Materials and methods: In a retrospective multicentric analysis, 117 women and two men treated for HD subsequently developed 133 BCs. The median age at diagnosis of HD was 24 years. The HD stages were stage I in 25 cases (21%), stage II in 70 cases (59%), stage III in 13 cases (11%), stage IV in six cases (5%) and not specified in five cases (4%). Radiotherapy (RT) was used alone in 74 patients (63%) and combined modalities with chemotherapy (CT) was used in 43 patients (37%).

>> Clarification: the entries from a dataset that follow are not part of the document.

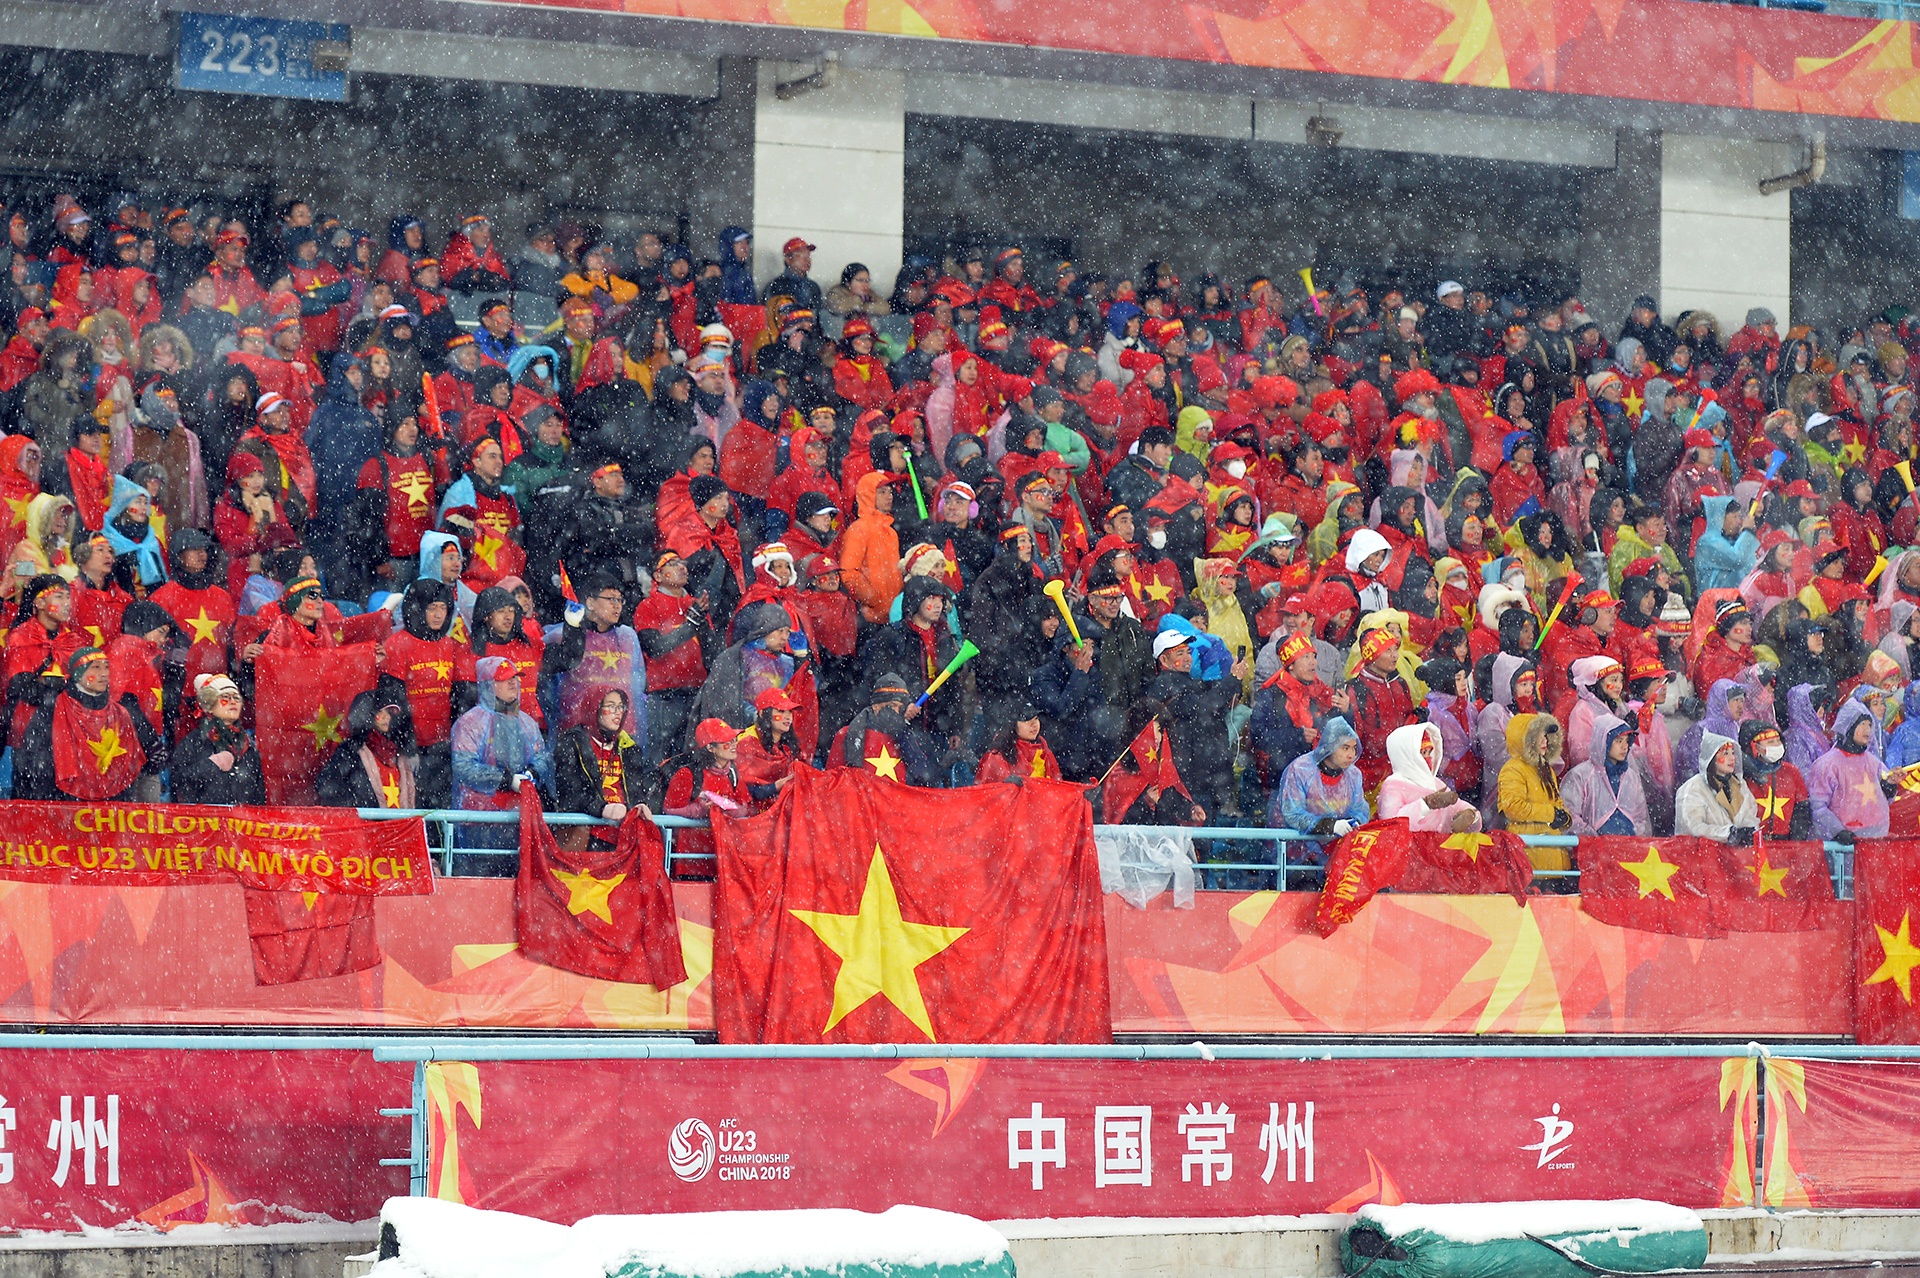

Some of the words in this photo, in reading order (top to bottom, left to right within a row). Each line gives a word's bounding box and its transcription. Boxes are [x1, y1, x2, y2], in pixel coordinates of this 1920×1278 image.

[200, 30, 280, 76] 223
[75, 808, 219, 834] CHICILON
[227, 817, 321, 842] MEDIA
[77, 846, 136, 870] U23
[142, 842, 209, 876] VIỆT
[215, 846, 284, 876] NAM
[289, 850, 334, 877] VÔ
[719, 1118, 737, 1128] AFC
[718, 1130, 757, 1152] U23
[1008, 1101, 1315, 1190] 中国常州
[718, 1153, 790, 1164] CHAMPIONSHIP
[718, 1166, 759, 1181] CHINA
[760, 1166, 791, 1180] 2018
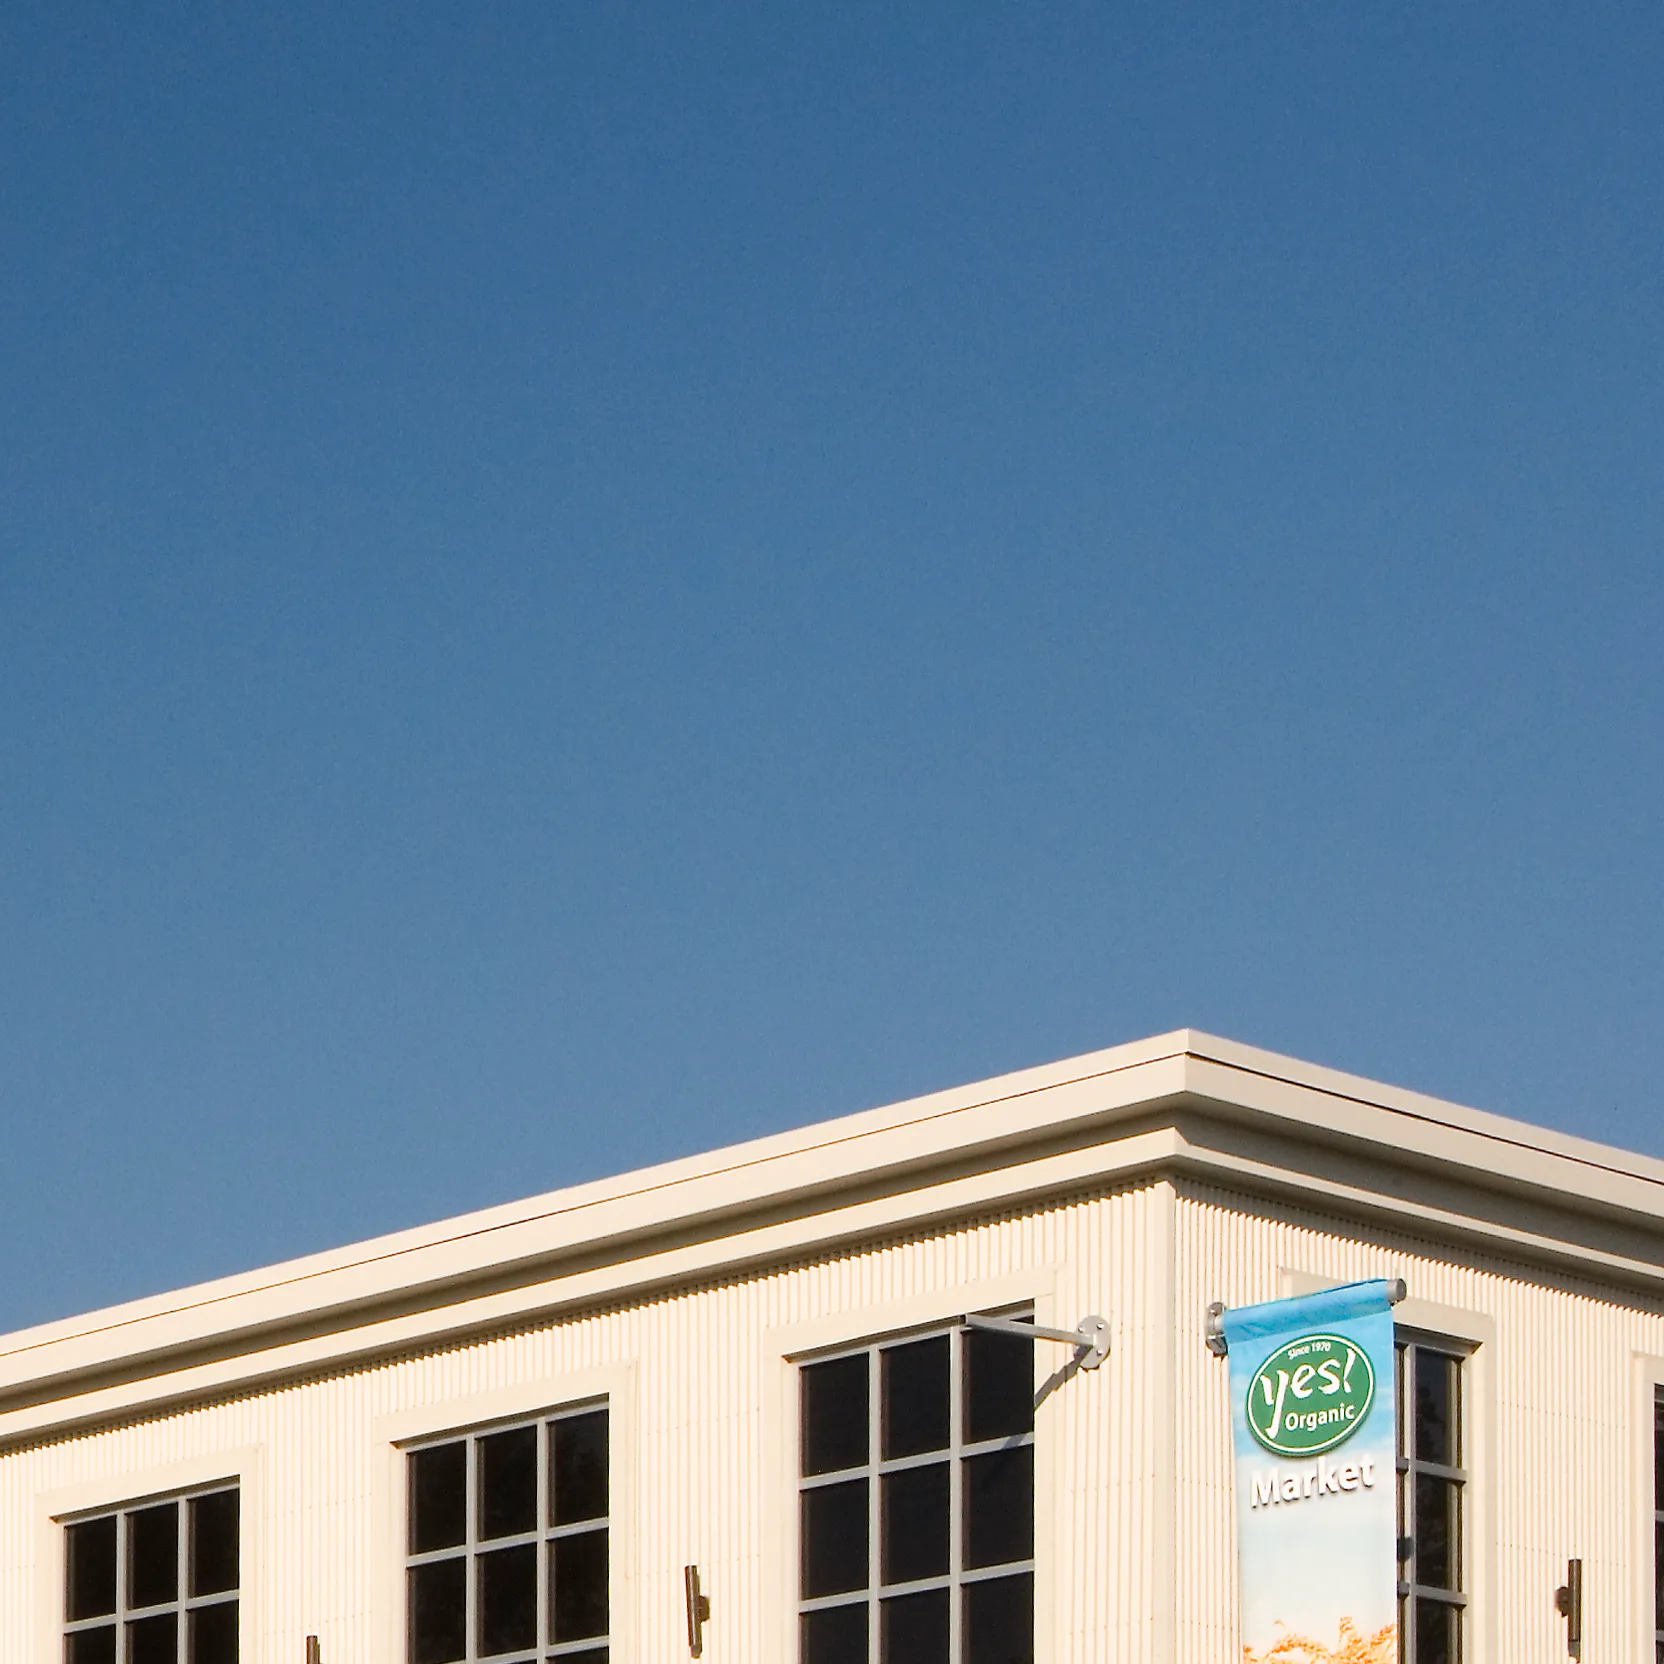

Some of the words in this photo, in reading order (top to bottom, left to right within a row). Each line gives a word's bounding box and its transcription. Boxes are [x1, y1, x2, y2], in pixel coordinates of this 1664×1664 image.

[1288, 1344, 1310, 1360] Since
[1311, 1341, 1332, 1353] 1970
[1259, 1348, 1357, 1440] yes!
[1285, 1403, 1355, 1432] Organic
[1250, 1454, 1375, 1508] Market

Results: BC occurred after a median interval of 16 years. TNM classification (UICC, 1978) showed 15 T0 (11.3%), 44 T1 (33.1%), 36 T2 (27.1%), nine T3 (6.7%), 15 T4 (11.3%) and 14 Tx (10.5%). Ductal infiltrating carcinoma and ductal carcinoma in situ (DCIS) represented 81.2 and 11.3% of the cases, respectively. Among the infiltrating carcinoma, the axillary involvement rate was 50%. Seventy-four tumours were treated by mastectomy without (67) or with (ten) RT. Forty-four tumours had lumpectomy without (12) or with (32) RT. Another four received RT alone, and one CT alone. Sixteen patients (12%) developed isolated local recurrence. Thirty-nine patients (31.7%) developed metastases and 34 died; 38 are in complete remission whereas five died of intercurrent disease. The 5-year disease-specific survival rate was 65.1%. The 5-year disease-specific survival rates for the pN0, pN1-3 and pN>3 groups were 91, 66 and 15%, respectively (P<0.0001), and 100, 88, and 64% for the TIS, T1 and T2. For the T3 and T4, the survival rates decreased sharply to 32 and 23%, respectively. These secondary BC are of two types: a large number of aggressive tumours with a very unfavourable prognosis (especially in the case of pN>3 and/or T3T4), and many tumours with a 'slow spreading' such as DCIS and microinvasive lesions. These lesions developed especially in patients treated exclusively by RT.
Conclusions: The young women and girls treated for HD should be carefully monitored in the long-term by clinical examination, mammography and ultrasonography. We suggest that a baseline mammography is performed 5-8 years after supradiaphragmatic irradiation (complete mantle or involved field) in patients who were treated before 30 years of age. Subsequent mammographies should be performed every 2 years or each year, depending on the characteristics of the breast tissue (e.g. density) and especially in the case of an association with other BC risk factors. This screening seems of importance due to excellent prognosis in our T(1S)T(1) groups, and the possibility of offering these young women a conservative treatment.